Officially, the Drug Enforcement Administration is oh-so-opposed to the use of DEA registration numbers on prescriptions other than those for controlled substances. On its site, the DEA says:

DEA strongly opposes the use of a DEA registration number for any purpose other than the one for which it was intended, to provide certification of DEA registration in transactions involving controlled substances. The use of DEA registration numbers as an identification number is not an appropriate use and could lead to a weakening of the registration system. Although DEA has repeatedly made its position known to industries such as insurance providers and pharmacy benefit managers, there is currently no legal basis for DEA to prevent or preclude companies from requiring or requesting a practitioner's DEA registration number.

In fact, as early as 1992, the Texas Medical Association complained about the practice of insurance companies requiring DEA numbers before they'd reimburse for prescriptions. In 1997, optometrists complained that they couldn't get any prescriptions filled without DEA numbers — and they weren't always eligible for DEA registration. Some state laws have been open to interpretation about whether DEA numbers are required for all prescriptions. Doctors in general continue to grumble about being hit it up for their DEA numbers for general prescriptions, but then they turn them over anyway.
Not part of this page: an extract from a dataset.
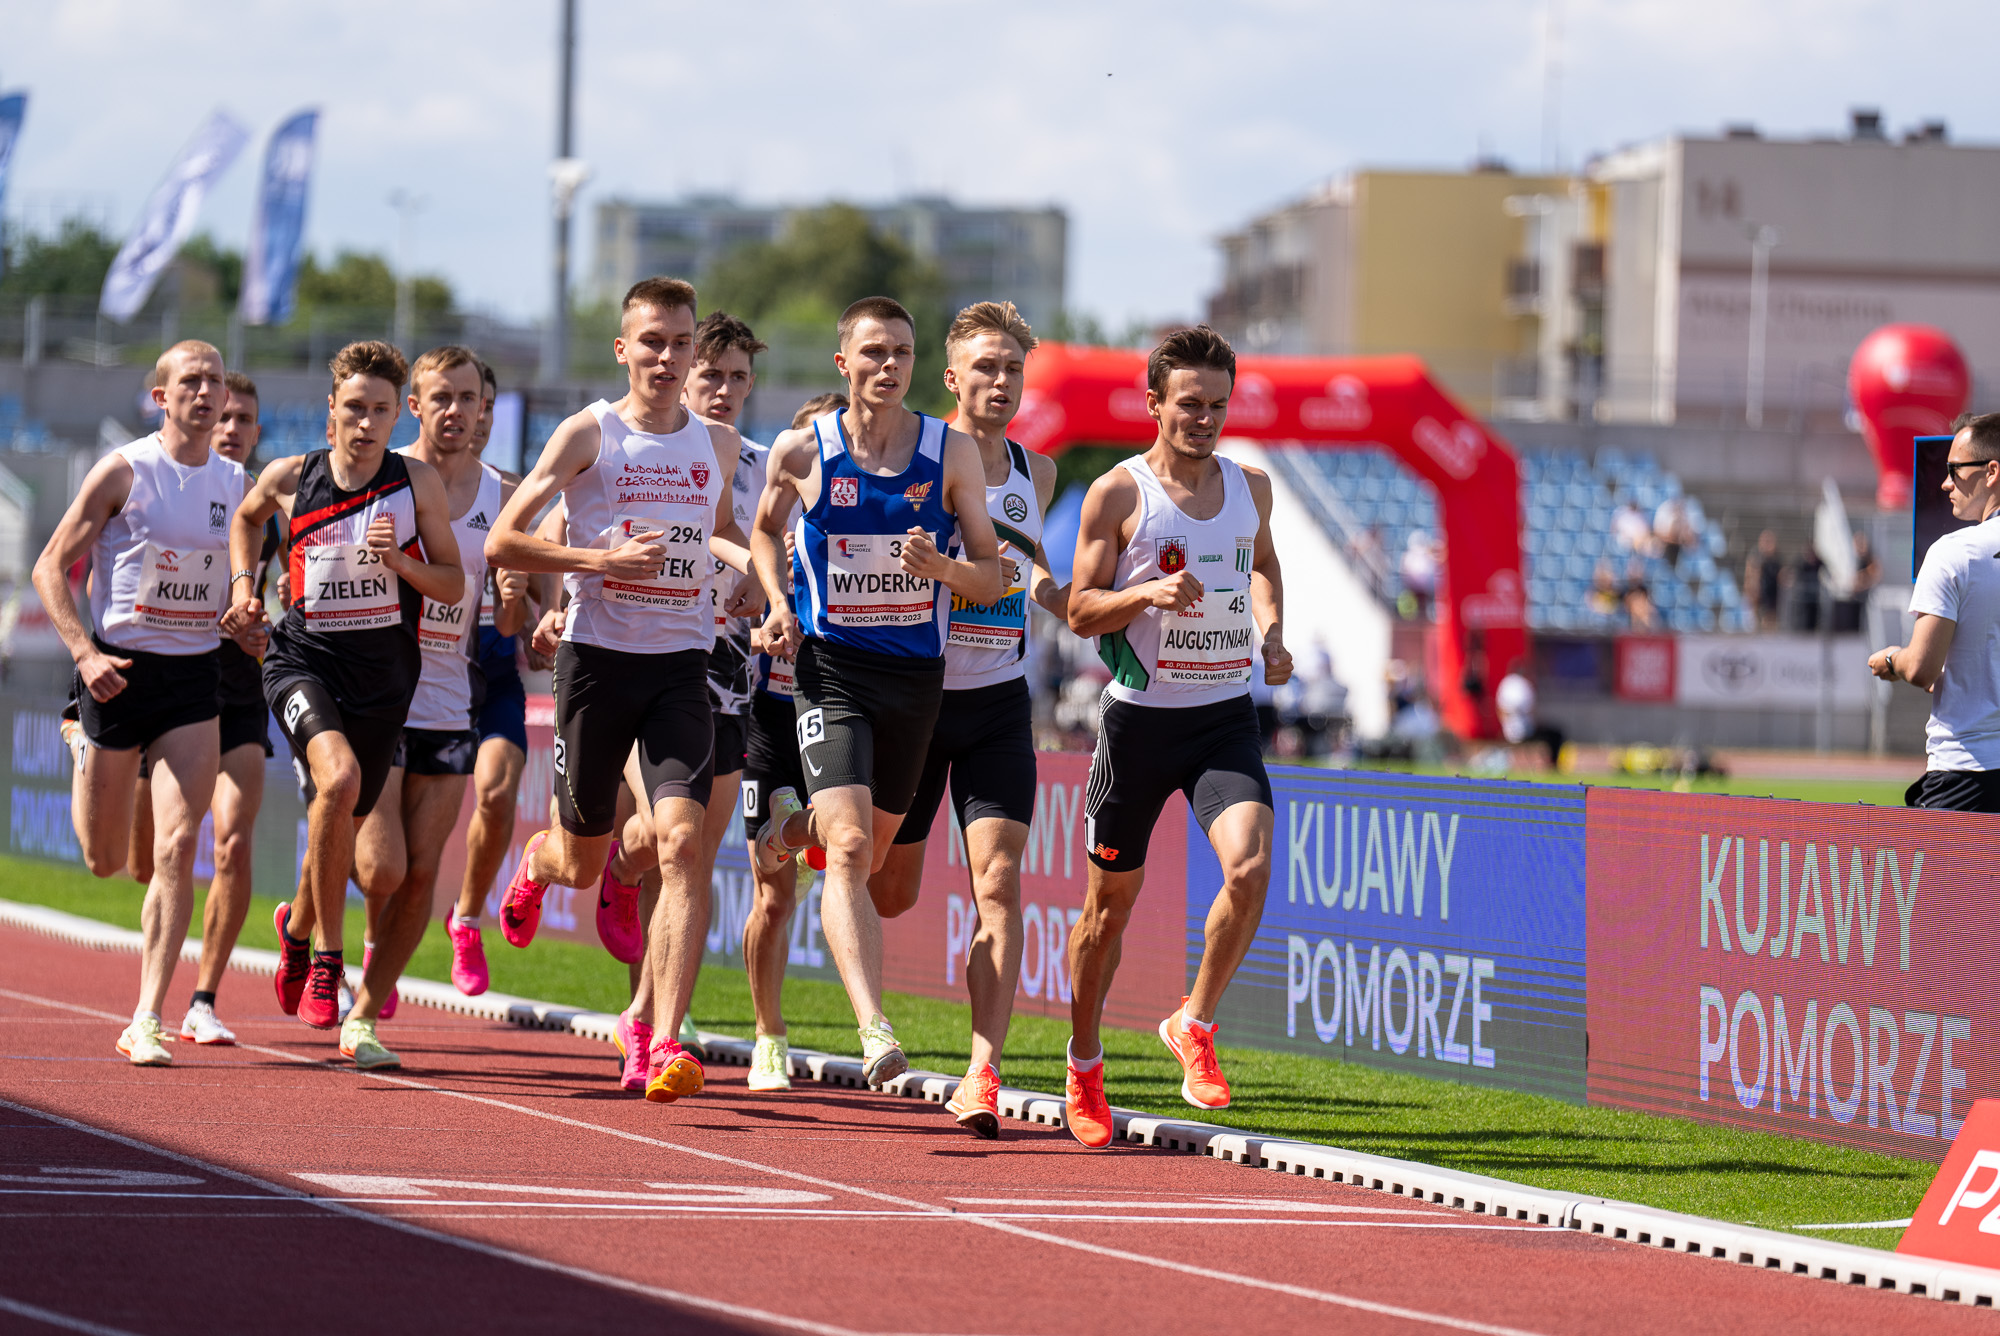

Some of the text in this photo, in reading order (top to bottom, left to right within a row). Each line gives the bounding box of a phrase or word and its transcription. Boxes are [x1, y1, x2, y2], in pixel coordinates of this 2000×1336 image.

How this happened, I don't know for sure. I can guess that insurance companies, having to track controlled-substance prescriptions by DEA number, found it easier to use those numbers as universal IDs than to play around with several different identifiers. Pharmacies followed suit to minimize checkout-counter debates with patients about reimbursement. And now medical practices require newly hired providers to have DEA numbers, because what's the point of employing a doc or nurse practitioner whose prescriptions won't be filled or reimbursed?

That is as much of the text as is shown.